Task to carry out — Without leaving out a single line, restate the entries below exactly.
________________________________________
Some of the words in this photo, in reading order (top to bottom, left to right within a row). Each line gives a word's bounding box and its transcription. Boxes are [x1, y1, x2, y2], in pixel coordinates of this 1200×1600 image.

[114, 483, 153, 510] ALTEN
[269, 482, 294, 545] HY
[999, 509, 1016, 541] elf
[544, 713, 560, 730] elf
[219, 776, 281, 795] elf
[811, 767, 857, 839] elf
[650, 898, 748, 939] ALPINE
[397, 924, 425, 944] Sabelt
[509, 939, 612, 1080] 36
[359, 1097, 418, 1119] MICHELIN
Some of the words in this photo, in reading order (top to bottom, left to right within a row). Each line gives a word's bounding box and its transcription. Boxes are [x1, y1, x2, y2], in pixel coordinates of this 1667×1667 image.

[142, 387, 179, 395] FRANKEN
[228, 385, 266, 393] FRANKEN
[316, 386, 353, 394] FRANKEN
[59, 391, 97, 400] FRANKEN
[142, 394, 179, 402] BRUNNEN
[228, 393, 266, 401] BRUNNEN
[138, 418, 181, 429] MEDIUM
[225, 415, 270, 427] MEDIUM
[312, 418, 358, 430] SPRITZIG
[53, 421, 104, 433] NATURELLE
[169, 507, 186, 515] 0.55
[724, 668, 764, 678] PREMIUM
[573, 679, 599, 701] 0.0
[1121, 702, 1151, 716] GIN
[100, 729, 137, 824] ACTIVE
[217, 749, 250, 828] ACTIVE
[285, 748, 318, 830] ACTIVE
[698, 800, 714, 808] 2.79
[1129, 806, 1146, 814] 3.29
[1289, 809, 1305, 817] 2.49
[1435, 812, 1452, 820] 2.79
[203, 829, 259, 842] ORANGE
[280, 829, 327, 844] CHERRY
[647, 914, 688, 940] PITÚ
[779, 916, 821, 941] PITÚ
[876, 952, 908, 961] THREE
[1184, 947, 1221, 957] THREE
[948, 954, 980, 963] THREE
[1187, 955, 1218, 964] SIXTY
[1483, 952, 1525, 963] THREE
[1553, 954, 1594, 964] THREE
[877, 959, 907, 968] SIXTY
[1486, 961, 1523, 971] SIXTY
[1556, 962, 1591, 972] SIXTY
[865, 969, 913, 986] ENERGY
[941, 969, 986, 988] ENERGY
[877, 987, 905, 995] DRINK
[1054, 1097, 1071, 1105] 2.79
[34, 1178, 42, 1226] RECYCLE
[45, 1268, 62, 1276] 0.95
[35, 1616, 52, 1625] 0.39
________________________________________
Expected output —
Some of the words in this photo, in reading order (top to bottom, left to right within a row). Each line gives a word's bounding box and its transcription. Boxes are [x1, y1, x2, y2], in pixel coordinates of this 1200×1600 image.

[114, 483, 153, 510] ALTEN
[269, 482, 294, 545] HY
[999, 509, 1016, 541] elf
[544, 713, 560, 730] elf
[219, 776, 281, 795] elf
[811, 767, 857, 839] elf
[650, 898, 748, 939] ALPINE
[397, 924, 425, 944] Sabelt
[509, 939, 612, 1080] 36
[359, 1097, 418, 1119] MICHELIN
Some of the words in this photo, in reading order (top to bottom, left to right within a row). Each line gives a word's bounding box and its transcription. Boxes are [x1, y1, x2, y2], in pixel coordinates of this 1667×1667 image.

[142, 387, 179, 395] FRANKEN
[228, 385, 266, 393] FRANKEN
[316, 386, 353, 394] FRANKEN
[59, 391, 97, 400] FRANKEN
[142, 394, 179, 402] BRUNNEN
[228, 393, 266, 401] BRUNNEN
[138, 418, 181, 429] MEDIUM
[225, 415, 270, 427] MEDIUM
[312, 418, 358, 430] SPRITZIG
[53, 421, 104, 433] NATURELLE
[169, 507, 186, 515] 0.55
[724, 668, 764, 678] PREMIUM
[573, 679, 599, 701] 0.0
[1121, 702, 1151, 716] GIN
[100, 729, 137, 824] ACTIVE
[217, 749, 250, 828] ACTIVE
[285, 748, 318, 830] ACTIVE
[698, 800, 714, 808] 2.79
[1129, 806, 1146, 814] 3.29
[1289, 809, 1305, 817] 2.49
[1435, 812, 1452, 820] 2.79
[203, 829, 259, 842] ORANGE
[280, 829, 327, 844] CHERRY
[647, 914, 688, 940] PITÚ
[779, 916, 821, 941] PITÚ
[876, 952, 908, 961] THREE
[1184, 947, 1221, 957] THREE
[948, 954, 980, 963] THREE
[1187, 955, 1218, 964] SIXTY
[1483, 952, 1525, 963] THREE
[1553, 954, 1594, 964] THREE
[877, 959, 907, 968] SIXTY
[1486, 961, 1523, 971] SIXTY
[1556, 962, 1591, 972] SIXTY
[865, 969, 913, 986] ENERGY
[941, 969, 986, 988] ENERGY
[877, 987, 905, 995] DRINK
[1054, 1097, 1071, 1105] 2.79
[34, 1178, 42, 1226] RECYCLE
[45, 1268, 62, 1276] 0.95
[35, 1616, 52, 1625] 0.39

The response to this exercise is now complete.